In his new book, Steven Hayward sketches the larger-than-life careers, achievements, and quarrels of Harry V. Jaffa and Walter Berns, two early students of Leo Strauss, who were more than just gifted, prolific scholars of the American Founding and teachers of political philosophy. Lovers of country as well as of the truth—patriots who knew that Patriotism Is Not Enough, as the title has it (the phrase comes from Jaffa)—Jaffa and Berns also took their talents into the public square as commentators on, and combatants in, American political life. Friends when they were young, bitterly divided in later years, but with that antipathy beginning (it seems) to cool at the end, Jaffa and Berns died on the same day, January 10, 2015—reminding many people of the deaths on July 4, 1826, of John Adams and Thomas Jefferson, who similarly began as friends, became adversaries, and finally reconciled.

Will readers who knew little or nothing about these two men come away persuaded that they “redefined American conservatism,” as the subtitle claims? That’s hard to say, when the competition includes Russell Kirk, Friedrich Hayek, Milton Friedman, Michael Novak, William F. Buckley, Jr., Richard John Neuhaus, Irving Kristol, and Norman Podhoretz—to name just a handful of intellectual figures, never mind the movement’s most noteworthy statesmen.

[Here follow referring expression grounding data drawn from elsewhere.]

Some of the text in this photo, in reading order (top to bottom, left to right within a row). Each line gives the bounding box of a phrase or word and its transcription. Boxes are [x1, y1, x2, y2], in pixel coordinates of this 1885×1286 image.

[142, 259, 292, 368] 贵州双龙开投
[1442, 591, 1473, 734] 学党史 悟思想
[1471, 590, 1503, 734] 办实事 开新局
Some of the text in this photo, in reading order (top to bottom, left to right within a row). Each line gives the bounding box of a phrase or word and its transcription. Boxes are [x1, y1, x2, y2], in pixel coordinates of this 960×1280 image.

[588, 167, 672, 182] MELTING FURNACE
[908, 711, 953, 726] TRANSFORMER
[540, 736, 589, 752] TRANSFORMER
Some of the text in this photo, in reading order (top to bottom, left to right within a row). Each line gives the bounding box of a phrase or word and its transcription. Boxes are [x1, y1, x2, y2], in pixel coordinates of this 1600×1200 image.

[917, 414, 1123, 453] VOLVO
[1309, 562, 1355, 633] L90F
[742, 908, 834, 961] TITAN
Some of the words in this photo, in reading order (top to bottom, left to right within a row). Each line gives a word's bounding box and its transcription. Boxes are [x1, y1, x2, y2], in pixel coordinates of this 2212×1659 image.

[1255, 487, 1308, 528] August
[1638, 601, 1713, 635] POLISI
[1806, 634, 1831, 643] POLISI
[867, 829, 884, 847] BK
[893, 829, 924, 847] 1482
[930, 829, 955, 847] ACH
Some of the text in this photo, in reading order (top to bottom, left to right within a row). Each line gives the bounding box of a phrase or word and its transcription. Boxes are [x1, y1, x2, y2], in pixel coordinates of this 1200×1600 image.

Yet Hayward, a visiting scholar at U.C. Berkeley’s Institute of Governmental Studies and the author of the superb two-volume study The Age of Reagan (2001-09), makes a good case that Jaffa and Berns—along with others in the “Straussian” orbit over the past half century—deserve credit for reviving serious study, in and out of the academy, of the political thought of the American Founders and of Abraham Lincoln. By doing so, these scholars made American conservatism more distinctively American by giving pride of place to the U.S. Constitution and its grounding in the Declaration of Independence. What’s more, in a standout chapter on “The Administrative State and the End of Constitutional Government” (excerpted in the Winter 2016/17 CRB), Hayward shows how the students of Jaffa, Berns, and others have expanded their teachers’ arguments to grapple with modern America’s soft despotism.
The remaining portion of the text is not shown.